In my rare moments of speaking to Dr. Hill, I once explained that I had felt rushed on some level to commit to marry Pamela. I had also told him about skipping first grade and being emotionally and socially behind my peers during my childhood and adolescence, although I had no trouble keeping up academically. He told me, as I stared off into the basket of onions, that “there are many babies who could use more time in the womb…and so many young children who have to attend school just a bit before they have had enough time at home with their parents. And wouldn’t it be nice to give them more time? And what young man or woman feels truly ready to enter the adult world, or even the world of higher education, when they finish high school? How many really understand what they are doing in its full complexity when they make a commitment to a partner for life? You might very well wish for more time to make a decision as to whether staying in this marriage is right for you, or whether to leave it behind. It is very understandable that you might want more time to think. Or you might go for a walk on a beach. And if you go barefoot, or even if you keep your shoes on, you might find that some little grains of sand work their way into your toes…”
He repeated several times this mantra about how many of us at each stage of life could benefit from more time. With each iteration, he ran through a litany of slightly changing examples. Then he counterposed to it the alternative of going for a walk on a beach, and getting sand in one’s toes.
The next Monday was Patriot’s Day in Massachusetts and I didn’t have to work. I drove from Boston to Cape Cod, listening to coverage of the Boston Marathon on the car radio, hearing the voice of Dr. Phil Hill in my head, and tuning into my own ambivalent thoughts. I didn’t know the Cape very well, and had never driven there without friends. I got off at Yarmouthport and found a beach. There aren’t a lot of beach-goers in April, so there was no traffic and no difficulty finding a place to park.
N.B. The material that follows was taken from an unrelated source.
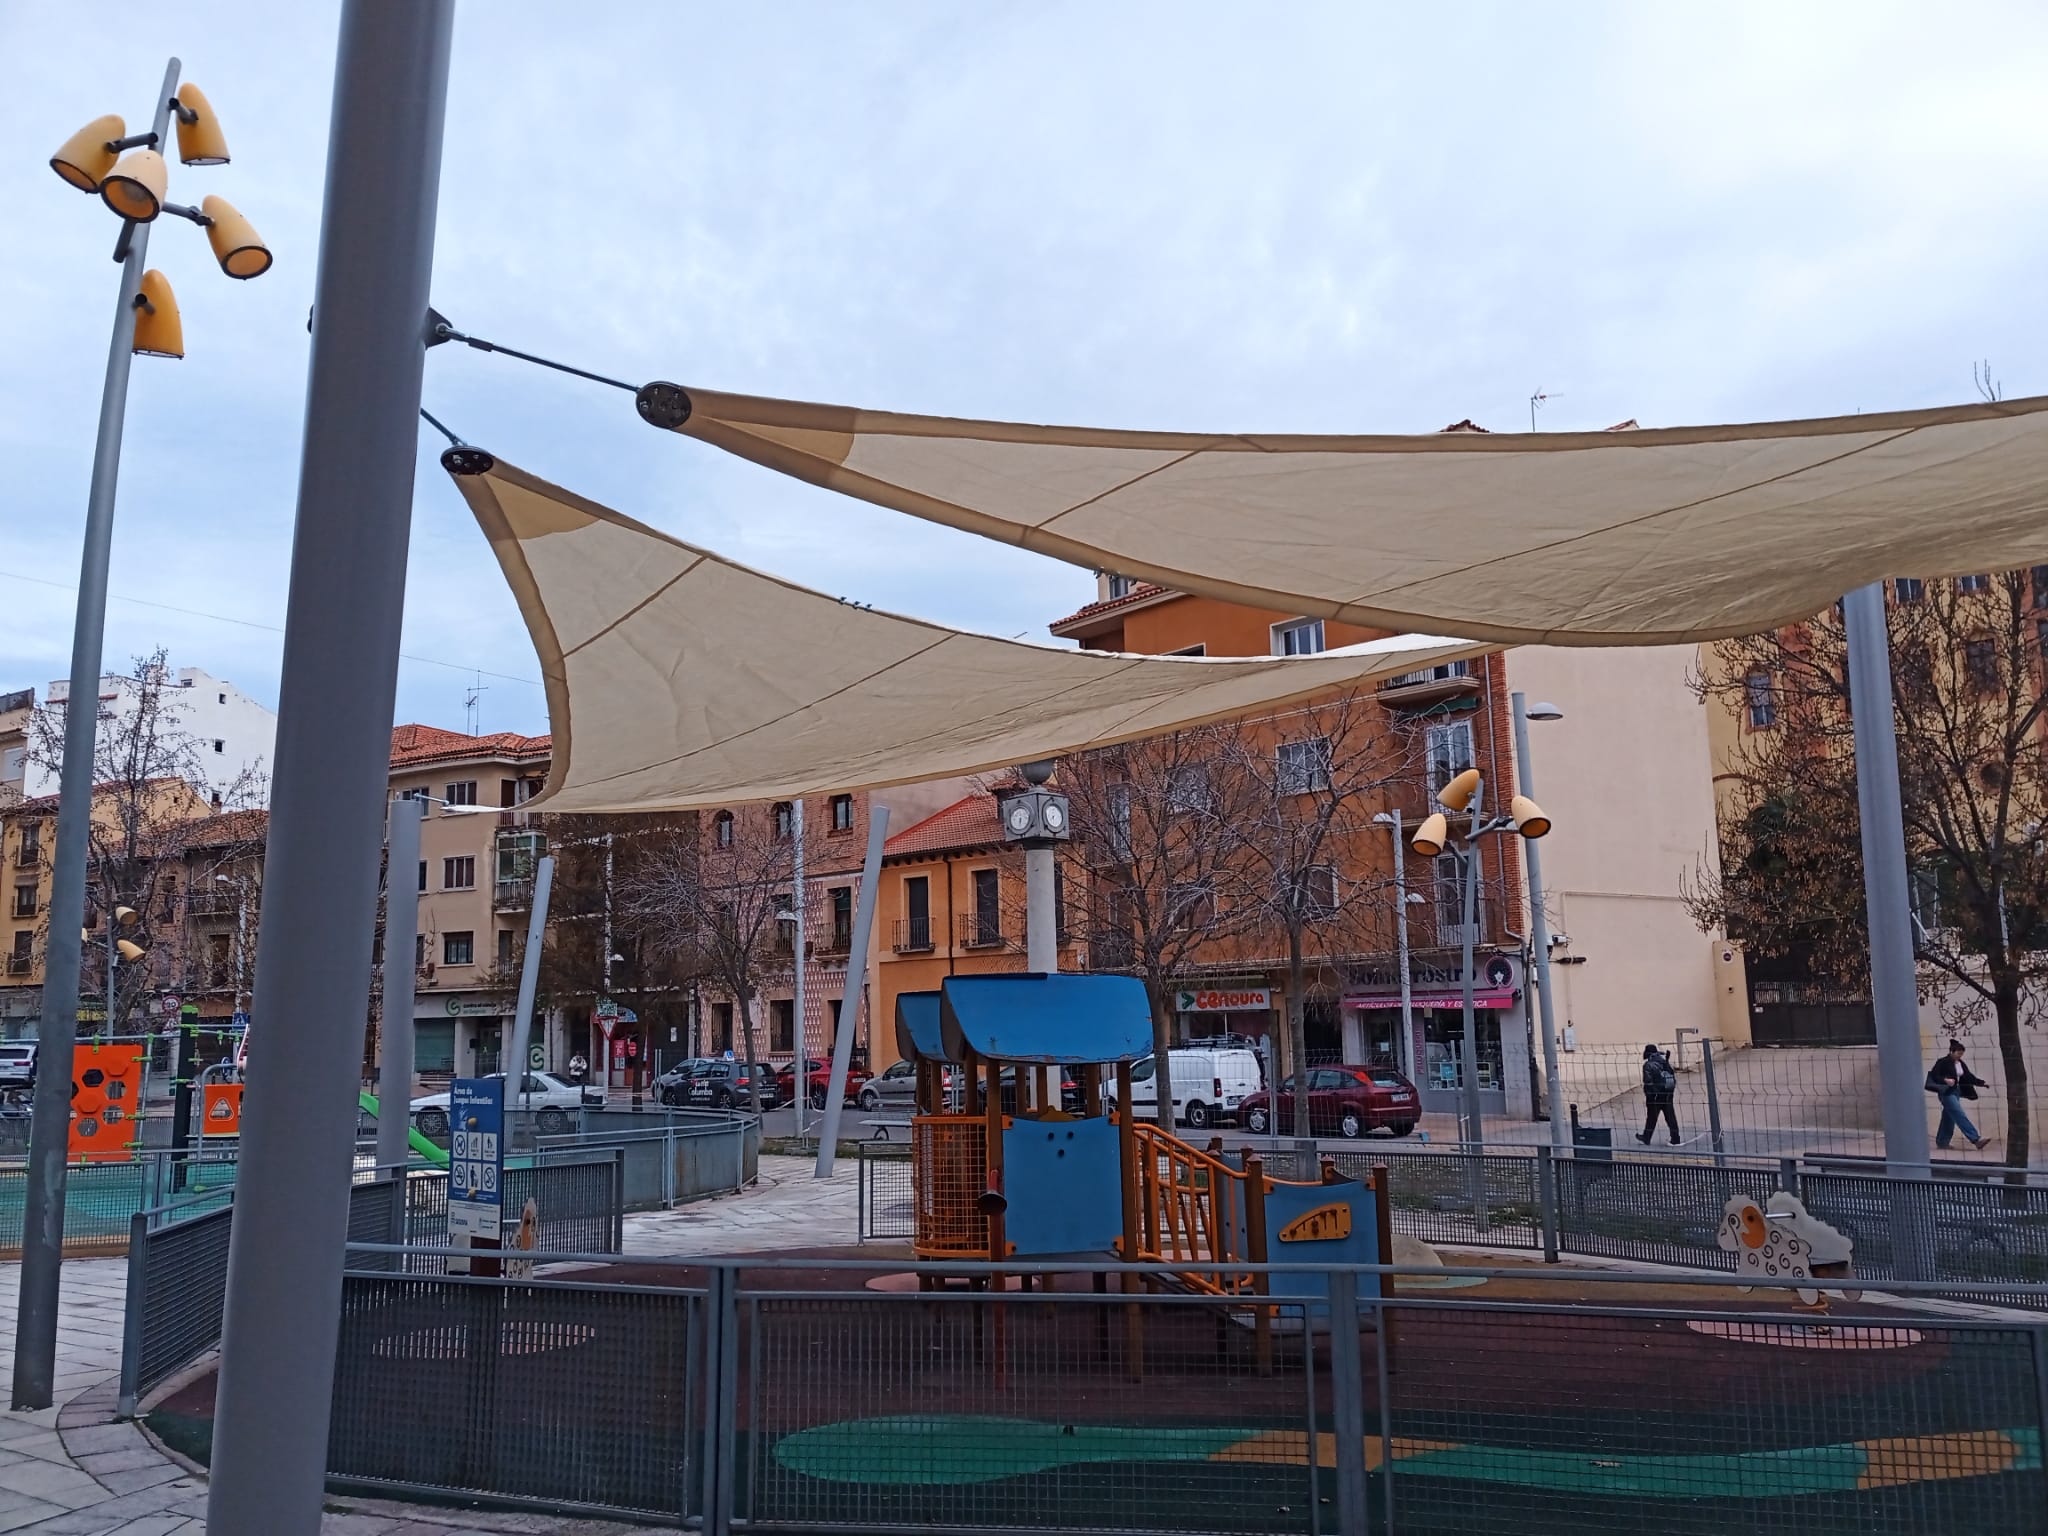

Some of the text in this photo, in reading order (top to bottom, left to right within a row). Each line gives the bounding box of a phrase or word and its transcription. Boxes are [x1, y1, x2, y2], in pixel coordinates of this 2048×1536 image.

[1453, 999, 1488, 1008] ESTICA
[453, 1084, 473, 1095] Área de
I no longer remember whether I left my shoes on or took them off. As I began to walk on the sand, I felt strongly that I was going to recommit myself to my marriage. Yes! This could be a wonderful day of symbolically reaffirming my solemn marital vow. But precipitously, some seagulls interrupted my reverie. They commanded my attention. They looked so free. I found myself envying them.
I don’t know whether any grains of sand got into my toes, but a new idea entered my head. It was time to leave the marriage behind. It became a clear, strong, and forceful idea. I had made my decision.
As I drove home,. I half-listened to the commentary about the Marathon. A Brit named Geoff Smith had won the Men’s division. I had to force myself to turn off the radio and confront the new reality associated with my new rite of passage.
I knew there would be no opportunity for any interim logical steps. No time to write a script or buy the snacks or pick out an outfit. My presence in our home would not be welcome, even for one night or a few hours, once I let Pamela know that I was ending my commitment. I would have to act fast.
In the days to come, I would make contact with a friend named Don, who would graciously offer me his spare bedroom at no rental charge for whatever time I might need. But that first night, I found the least expensive hotel room available.
I was free.
Dale Borman Fink retired in 2020 from Massachusetts College of Liberal Arts in North Adams, MA, where he taught courses related to research methods, early childhood education, special education, and children’s literature. Prior to that he was involved in childcare, after-school care, and support for the families of children with disabilities. Among his books are Making a Place for Kids with Disabilities (2000) Control the Climate, Not the Children: Discipline in School Age Care (1995), and a children’s book, Mr. Silver and Mrs. Gold (1980). In 2018, he edited a volume of his father's recollections, called SHOPKEEPER'S SON.
Thanx for sharing your story and your resolve Dale, I never thought of divorce as a rite of passage but of course it certainly can be.
Dale, this is a wonderful, thoughtful story about the breakup of a marriage. Divorce is a rite of passage that many of us on this site have been through – I almost wish I had thought of making that a prompt in its own right, we could have swapped divorce stories. But then the few 40+ years married people that we do have wouldn’t have had anything to say. Thanks for this look at a rite of passage that is never easy.
Dale & Suzy, I had a first marriage that ended in divorce, and so here’s a funny memory of that otherwise unhappy rite of passage.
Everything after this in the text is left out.